Published online Mar 24, 2020. doi: 10.5306/wjco.v11.i3.152
Peer-review started: October 18, 2019
First decision: November 5, 2019
Revised: December 20, 2019
Accepted: January 1, 2020
Article in press: January 1, 2020
Published online: March 24, 2020
Processing time: 150 Days and 16.1 Hours
National cancer strategy calls for comprehensive assessments for older people but current practice across the United Kingdom is not well described.
To identify current assessment methods and access to relevant supporting services for older people with cancer.
A web-based survey (SurveyMonkey) targeting health professionals (oncologists, cancer surgeons, geriatricians, nurses and allied health professionals) was distributed January-April 2016 via United Kingdom nationally recognised professional societies. Responses were analysed in frequencies and percentages. Chi Square was used to compare differences in responses between different groups.
640 health care professionals responded. Only 14.1% often/always involved geriatricians and 52.0% often/always involved general practitioners in assessments. When wider assessments were used, they always/often influenced decision-making (40.5%) or at least sometimes (34.1%). But 30.5%-44.3% did not use structured assessment methods. Most clinicians favoured clinical history taking. Few used scoring tools and few wished to use them in the future. Most had urgent access to palliative care but only a minority had urgent access to other key supporting professionals (e.g. geriatricians, social workers, psychiatry). 69.6% were interested in developing Geriatric Oncology services with geriatricians.
There is variability in assessment methods for older people with cancer across the United Kingdom and variation in perceived access to supporting services. Clinical history taking was preferred to scoring systems. Fostering closer links with geriatricians appears supported.

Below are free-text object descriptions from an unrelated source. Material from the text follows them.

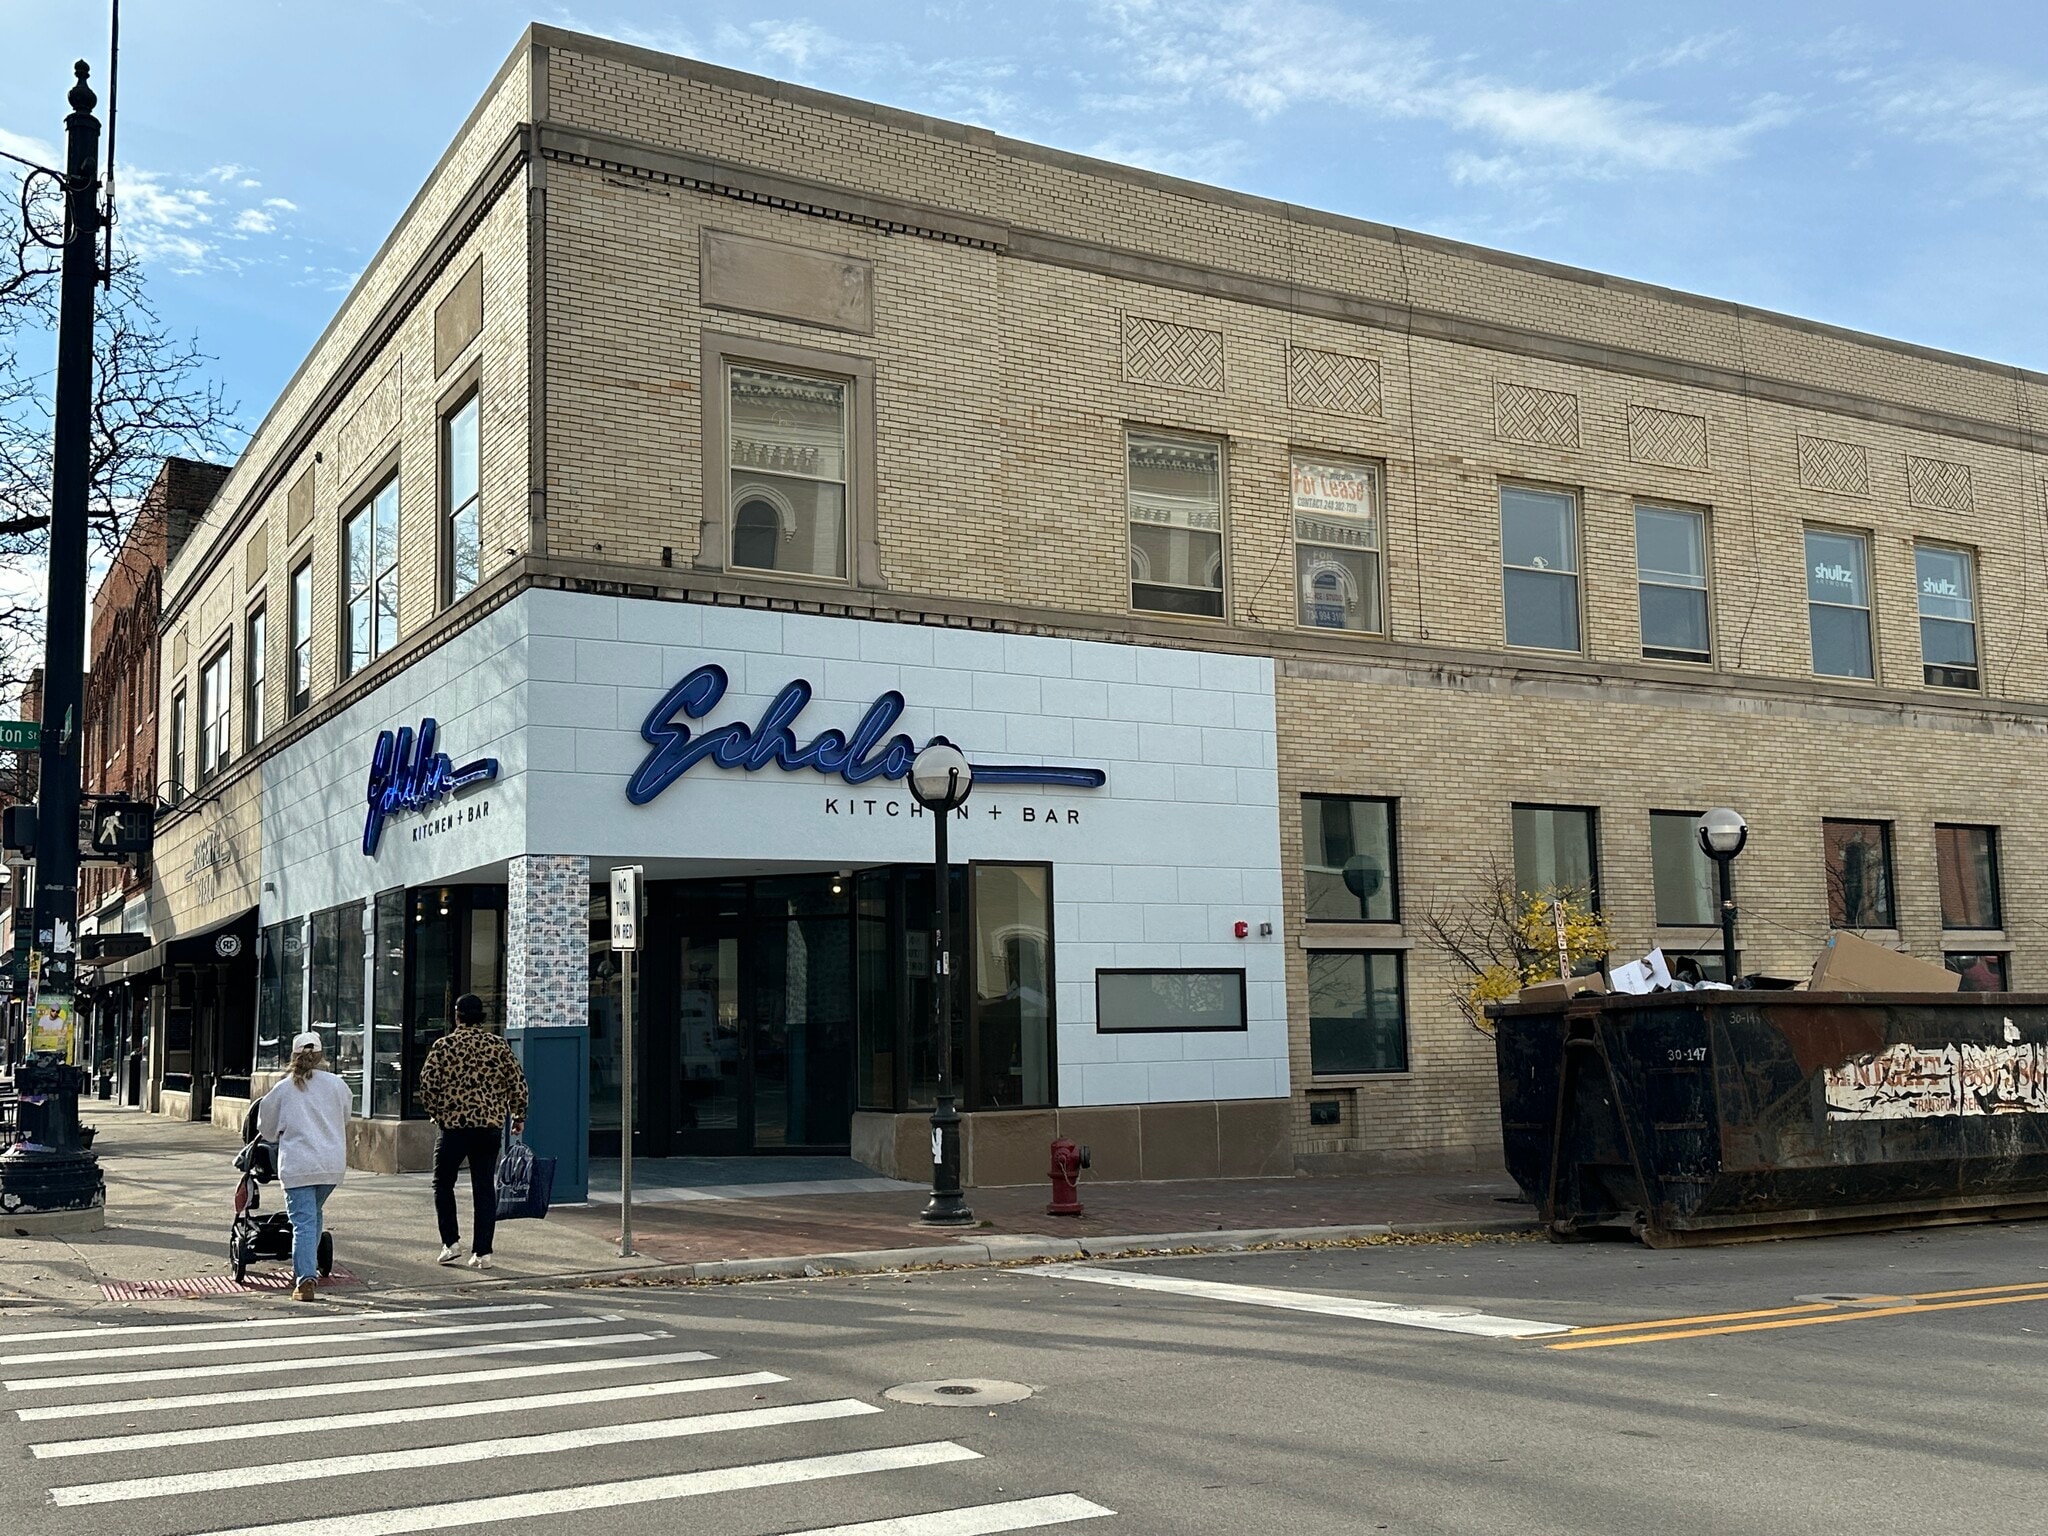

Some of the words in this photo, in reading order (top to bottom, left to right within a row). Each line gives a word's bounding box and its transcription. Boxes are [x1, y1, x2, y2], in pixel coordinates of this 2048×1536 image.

[1293, 467, 1316, 495] For
[1320, 472, 1364, 502] Lease
[1313, 551, 1333, 561] FOR
[1815, 562, 1853, 583] shultz
[1923, 576, 1958, 597] shultz
[27, 730, 37, 740] St
[624, 663, 1107, 806] Echelo
[825, 798, 969, 819] KITCHN
[1023, 807, 1079, 824] BAR
[412, 814, 453, 843] KITCHEN
[467, 801, 490, 823] BAR
[618, 877, 628, 894] NO
[615, 901, 631, 917] TURN
[613, 923, 621, 940] ON
[622, 923, 633, 940] RED
[1666, 1047, 1708, 1062] 30-147
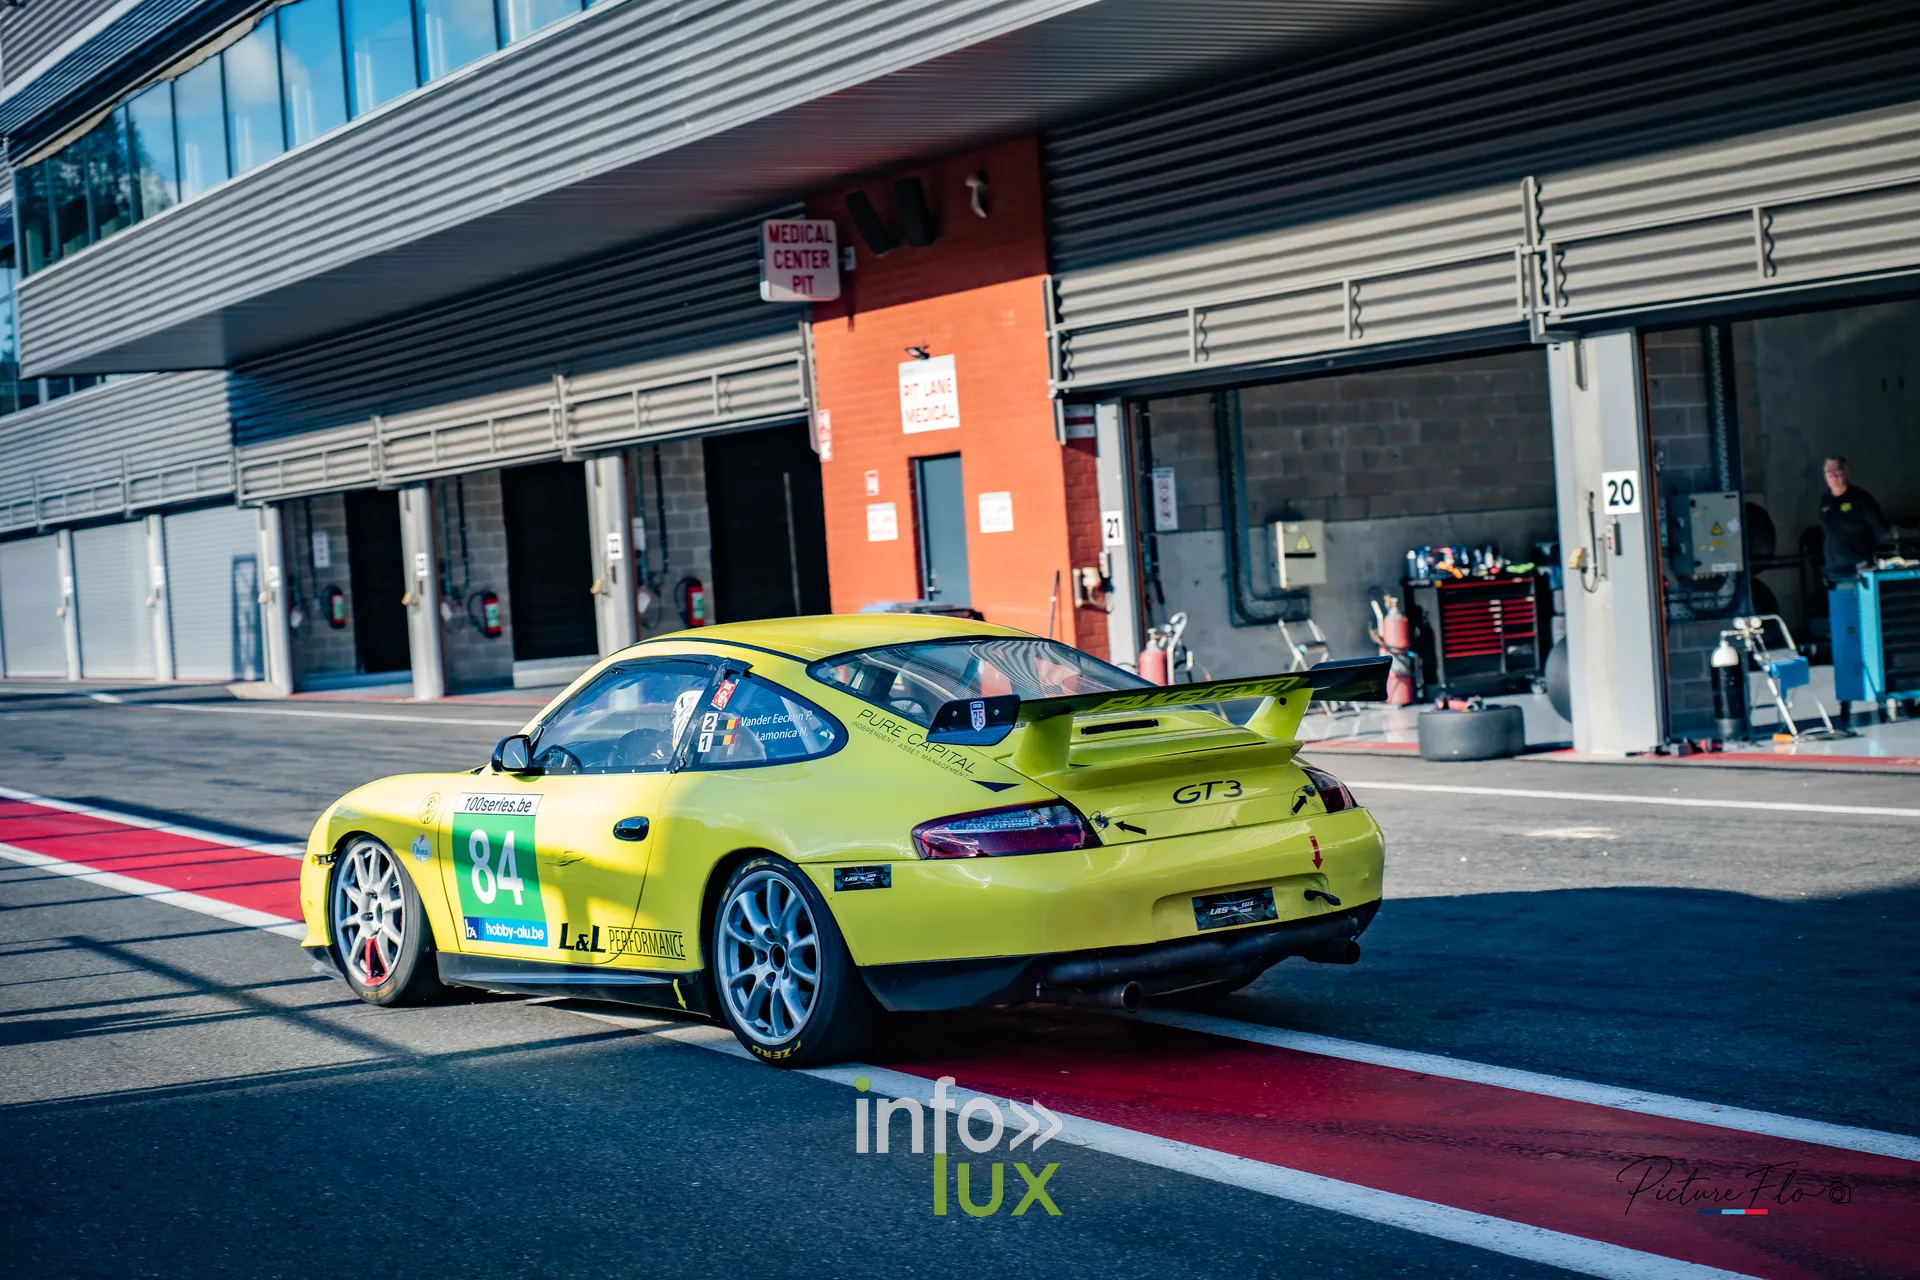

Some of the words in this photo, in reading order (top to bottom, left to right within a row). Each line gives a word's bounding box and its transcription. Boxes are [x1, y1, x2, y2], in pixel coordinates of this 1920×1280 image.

[768, 224, 833, 244] MEDICAL
[773, 249, 831, 269] CENTER
[792, 274, 815, 295] PIT
[1607, 478, 1635, 506] 20
[1106, 518, 1121, 538] 21
[704, 715, 716, 731] 2
[741, 714, 770, 727] Vander
[701, 736, 709, 751] 1
[755, 729, 797, 741] Lamonica
[852, 720, 896, 745] INDEPENDENT
[897, 743, 920, 756] ASSET
[921, 754, 970, 779] MANAGEMENT
[856, 708, 907, 738] PURE
[907, 733, 974, 774] CAPITAL
[1173, 780, 1243, 804] GT3
[464, 796, 532, 813] 100series.be
[468, 828, 525, 906] 84
[485, 922, 545, 941] hobby-alu.be
[558, 922, 607, 954] L&L
[608, 929, 687, 958] PERFORMANCE
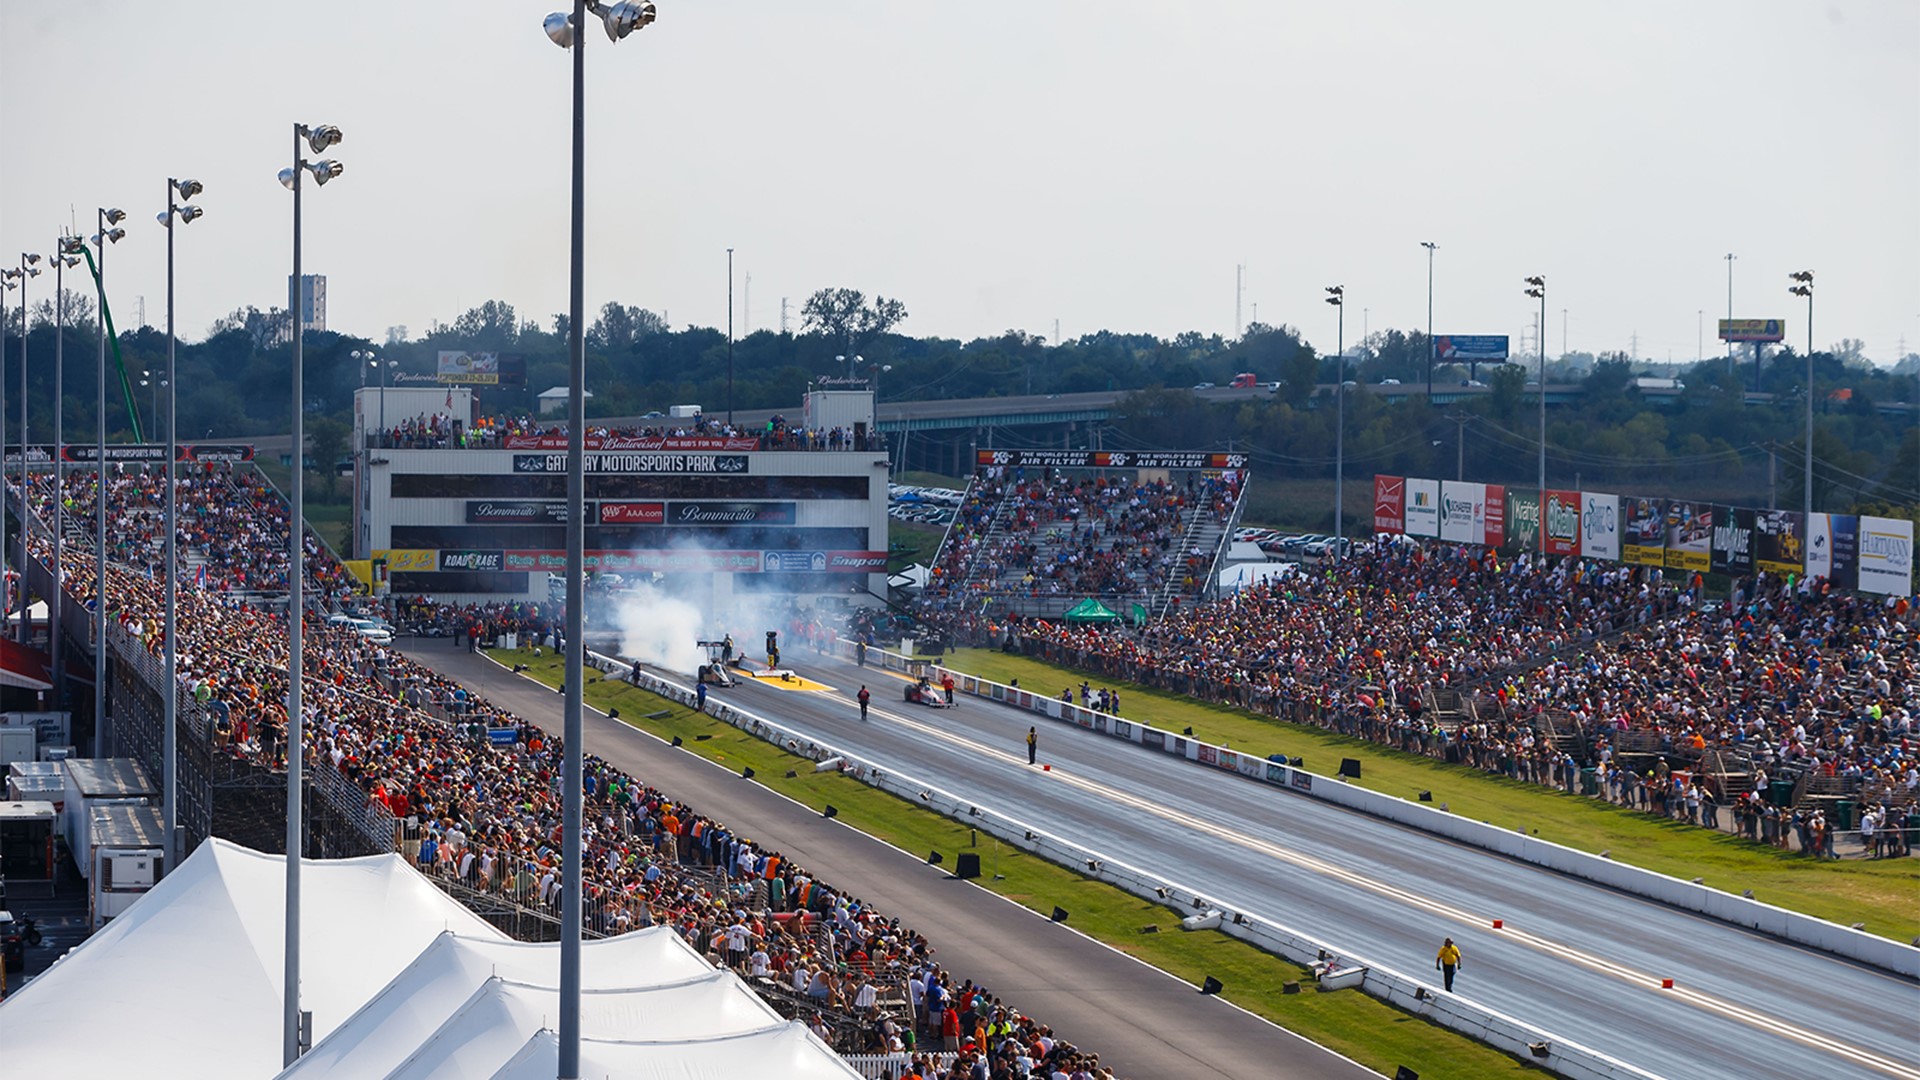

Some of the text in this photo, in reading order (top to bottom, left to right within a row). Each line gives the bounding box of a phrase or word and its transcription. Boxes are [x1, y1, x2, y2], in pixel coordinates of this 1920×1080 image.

Core tip: There was variability in assessment methods and access to supporting services for older people with cancer in the United Kingdom. Performance status and traditional history-taking was preferred to scoring tools. Future studies should consider moving away from scoring tools if the intention is for use in clinical practice. There was variability in access to key supporting services. Developing care pathways to better link up existing services would be helpful. Collaborative working with geriatricians appears supported. A number of questions remain. How can comprehensive geriatric assessment be feasibly embedded within cancer care pathways across a nation?